Dive Brief:
- In a personal blog post, Arthur H. Camins, the director of the Center for Innovation in Engineering and Science Education, explores the push for "innovation" in education and school reform.
- Camins starts his post by pointing out the questionable results of the Organization of Economic Cooperation and Development's recent report on world-wide innovation. For the United States, standardized testing was its greatest innovation. "Are these innovations better?" Camins asks.
- Camins says the question of innovation comes down to moral high ground: It's not about the evidence supporting whether or not a system is good or bad, bur rather who has the moral high ground when arguing their opinion. "Public acceptance of policy prescriptions turns not on technical determinations, but on values identification and moral judgments," Camins writes.
Dive Insight:
Camins points out some of today's most popular school reform innovations: "high-stakes testing, charter schools, merit pay and diminishment of teachers due process and collective bargaining rights" and argues that these marketplace solutions are bad from an evidentiary and moral perspective. However, in order to sway public opinion, understanding the moral implications of such programs is key in order to changing the course of the reform efforts.
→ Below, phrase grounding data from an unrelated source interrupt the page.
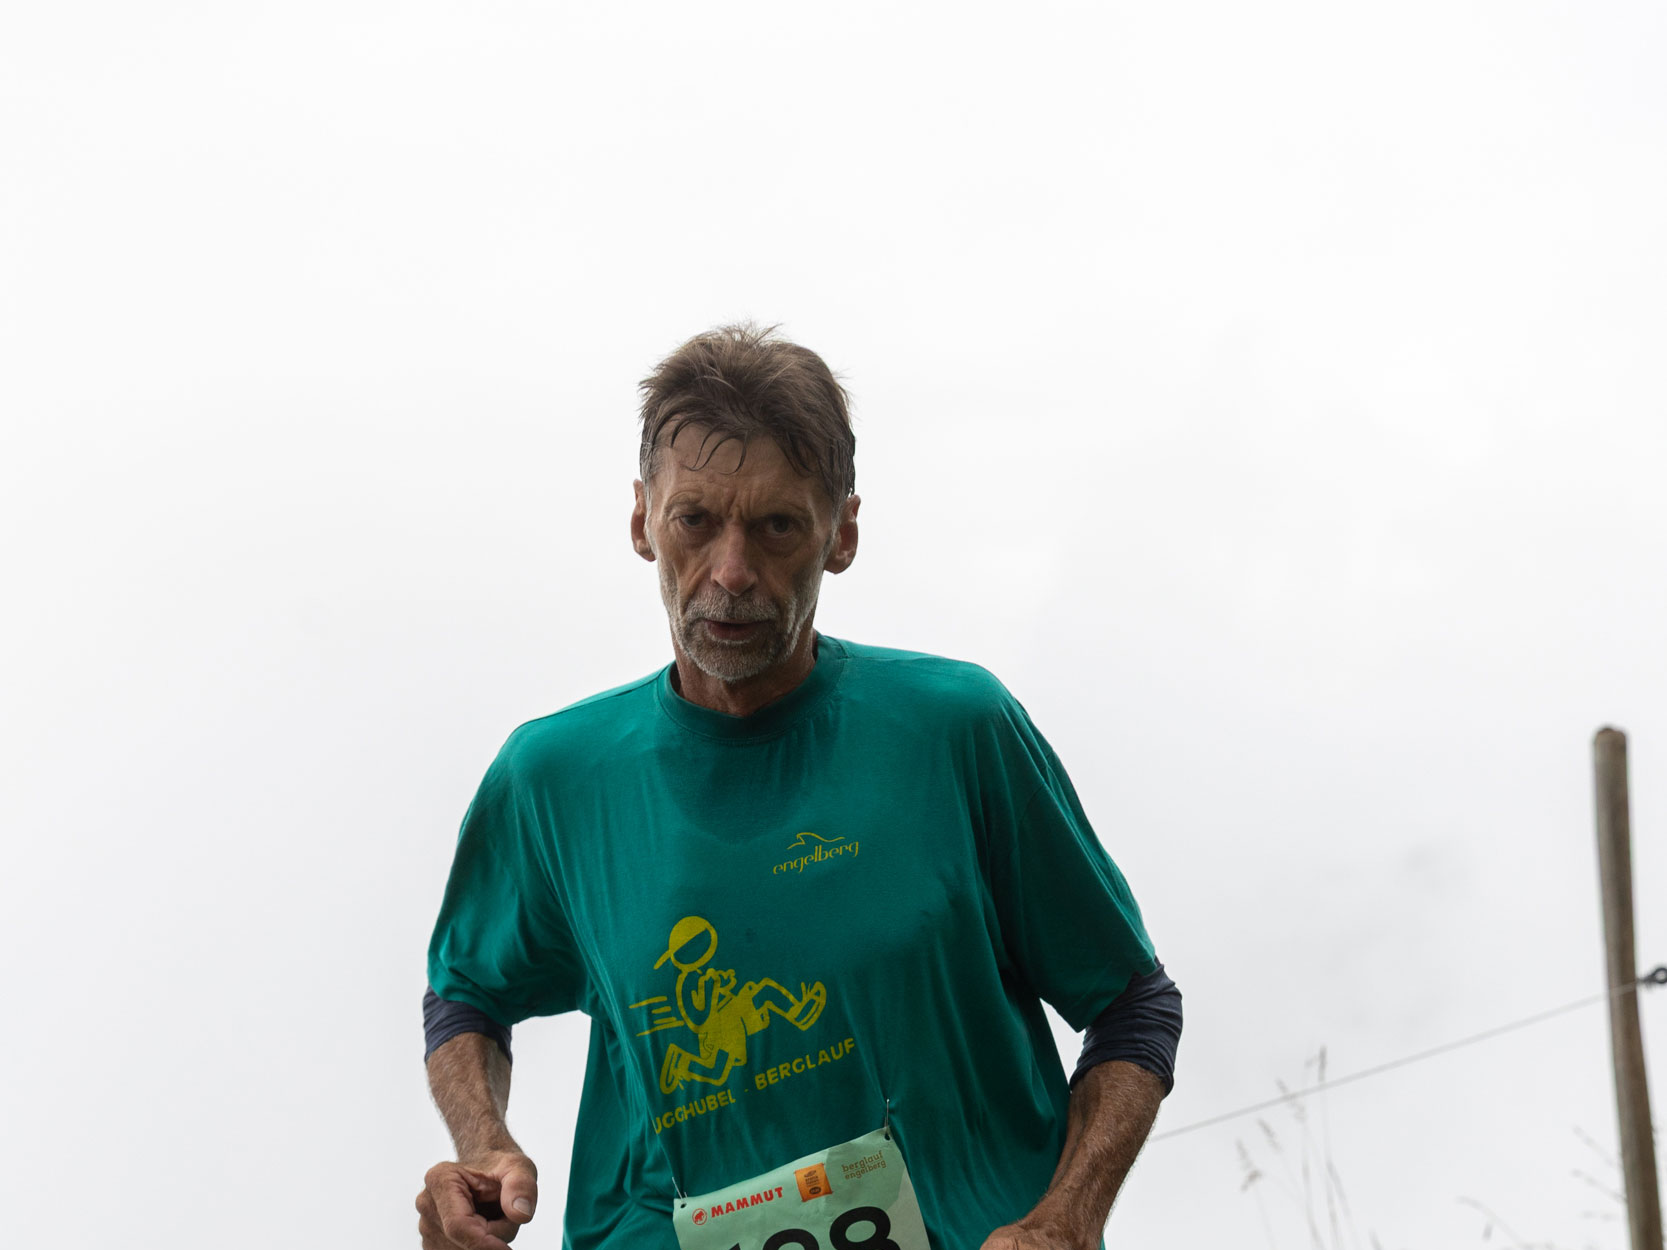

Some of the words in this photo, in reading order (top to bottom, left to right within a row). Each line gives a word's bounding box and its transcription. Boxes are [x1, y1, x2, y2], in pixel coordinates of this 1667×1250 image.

[772, 840, 859, 875] engelberg
[755, 1037, 857, 1091] BERGLAUF
[841, 1150, 884, 1173] berglauf
[844, 1159, 887, 1180] engelberg
[711, 1187, 784, 1218] MAMMUT
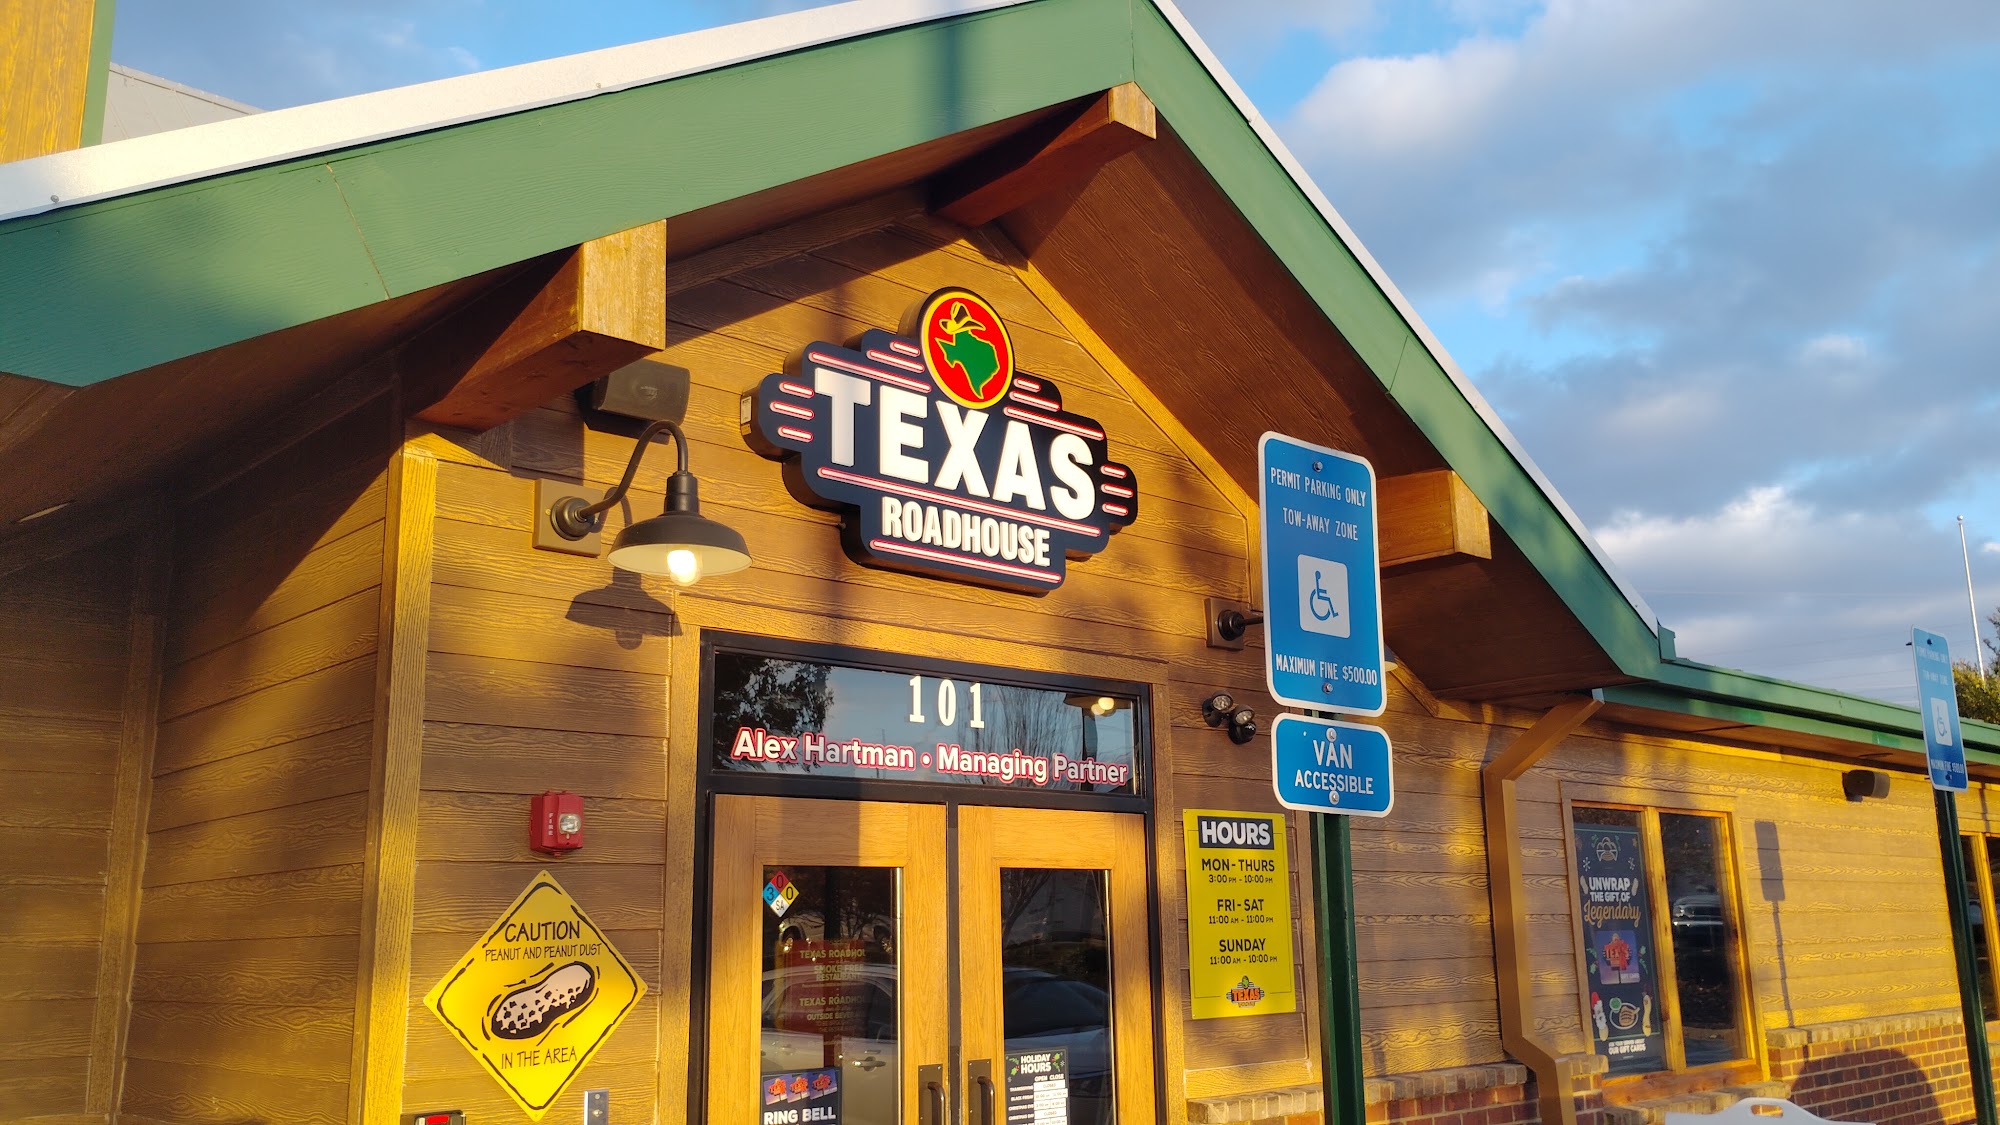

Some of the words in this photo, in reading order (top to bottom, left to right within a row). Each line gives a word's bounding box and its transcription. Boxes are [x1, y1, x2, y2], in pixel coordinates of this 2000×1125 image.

Camins looks at these various innovations and points out their flaws, saying many may feel like reformers are "lying" or spinning the evidence to support these efforts. "How can they ignore evidence that high-stakes testing narrows the curriculum, restricts classroom creativity, and undermines motivational authentic learning," he writes before going over potential issues with all of the reform efforts. Ultimately, however, he contends reformers are not lying when they push some of these backwards innovations. Rather, they are unable to separate the reality from their moral biases.